We searched the Cochrane Schizophrenia Group’s Trials Register (up to 7 February 2017) which is based on regular searches of MEDLINE, Embase, CINAHL, BIOSIS, AMED, PubMed, PsycINFO, and registries of clinical trials. There are no language, date, document type, or publication status limitation for inclusion of records into the register. We inspected references of all included studies for further relevant studies.
We included randomised controlled trials (RCTs) comparing NRIs with either a control treatment or placebo for people with schizophrenia or related disorders (such as schizoaffective disorder) by any means of diagnosis. We included trials that met our selection criteria and provided useable information.
We independently inspected all citations from searches, identified relevant abstracts, and independently extracted data from all included studies. For binary data we calculated risk ratio (RR), for continuous data we calculated mean difference (MD), and for cognitive outcomes we derived standardised mean difference (SMD) effect sizes, all with 95% confidence intervals (CI) and using a random-effects model. We assessed risk of bias for the included studies and used the GRADE approach to produce a 'Summary of findings' table which included our prespecified main outcomes of interest.
Searching identified 113 records. We obtained the full text of 48 of these records for closer inspection. Sixteen trials, randomising a total of 919 participants are included. The majority of trials included adults with schizophrenia or similar illness who were inpatients, and while they were poorly characterised, most appeared to include patients with a chronic presentation. The intervention NRI in nine of the 16 trials was reboxetine, with atomoxetine and viloxazine used in the remaining trials. 14 trials compared NRIs with placebo. Only two trials provided data to compare NRIs against an active control and both compared reboxetine to citalopram but at 4 weeks and 24 weeks respectively so they could not be combined in a meta-analysis.

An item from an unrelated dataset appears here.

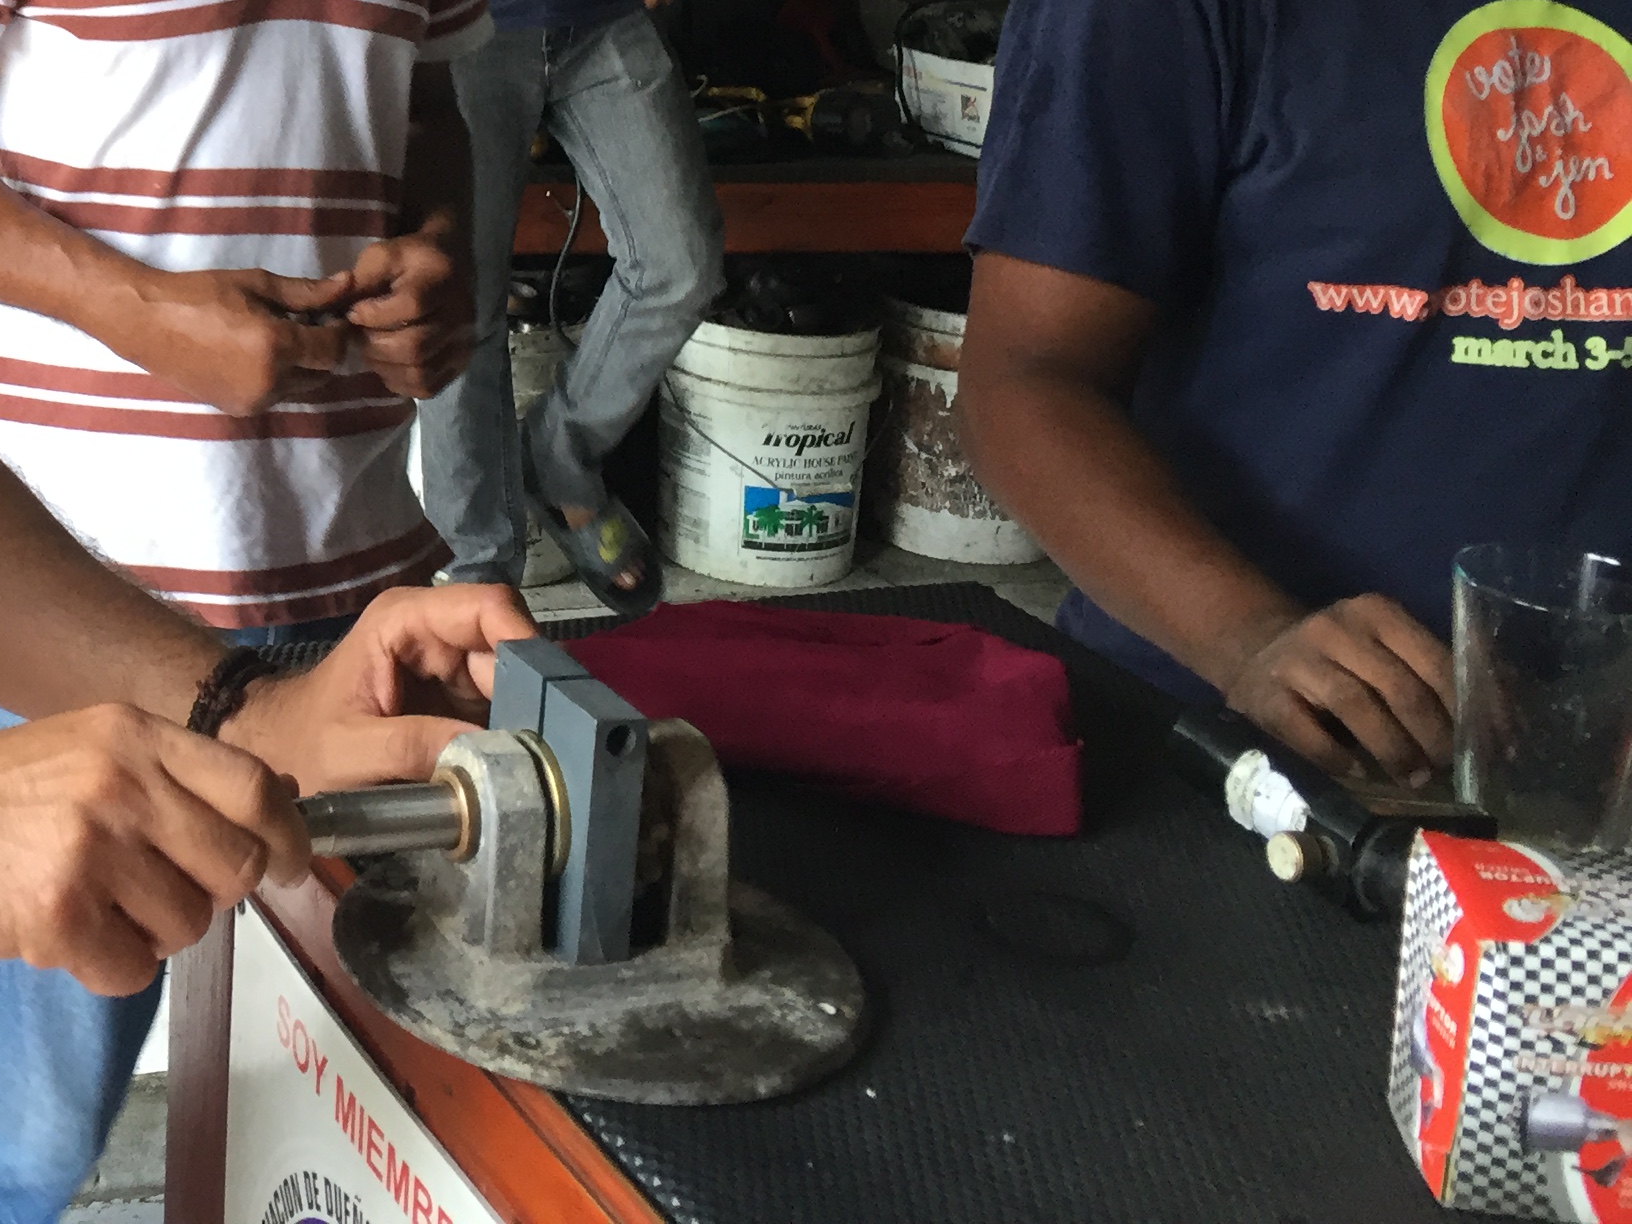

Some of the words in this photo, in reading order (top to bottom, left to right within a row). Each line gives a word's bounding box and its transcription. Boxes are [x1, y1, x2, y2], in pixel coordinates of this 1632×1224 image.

One trial was described as 'open' and we considered it to be at high risk of bias for randomisation and blinding, three trials were at high risk of bias for attrition, six for reporting, and two for other sources of bias. Our main outcomes of interest were significant response or improvement in positive/negative mental state, global state and cognitive functioning, average cognitive functioning scores, significant response or improvement in quality of life and incidence of nausea. All data for main outcomes were short term.
NRIs versus placebo
Mental state results showed significantly greater rates of improvement in negative symptoms scores (1 RCT, n = 50; RR 3.17, 95% CI 1.52 to 6.58; very low quality evidence) with NRIs on the PANSS negative. No data were reported for significant response or improvement in positive symptoms, but average endpoint PANSS positive scores were available and showed no difference between NRIs and placebo (5 RCTs, n = 294; MD −0.16, 95% CI −0.96 to 0.63; low-quality evidence). Improvement in clinical global status was similar between groups (1 RCT, n = 28; RR 0.99, 95% CI 0.45 to 2.20; very low quality evidence). Significant response or improvement in cognitive functioning data were not reported. Average composite cognitive scores showed no difference between NRIs and placebo (4 RCTs, n = 180; SMD 0.04, 95% CI −0.28 to 0.36; low-quality evidence). Significant response or improvement in quality of life data were not reported, however average endpoint scores from the GQOLI-74 were reported. Those receiving NRIs had better quality of life scores compared to placebo (1 RCT, n = 114; MD 9.36, 95% CI 7.89 to 10.83; very low quality evidence). All-cause withdrawals did not differ between the treatment groups (8 RCTs, n = 401, RR 0.94 95% CI 0.63 to 1.39; moderate-quality evidence). Rates of nausea were not greater with NRIs (3 RCTs, n = 176; RR 0.49, 95% CI 0.10 to 2.41; low-quality evidence).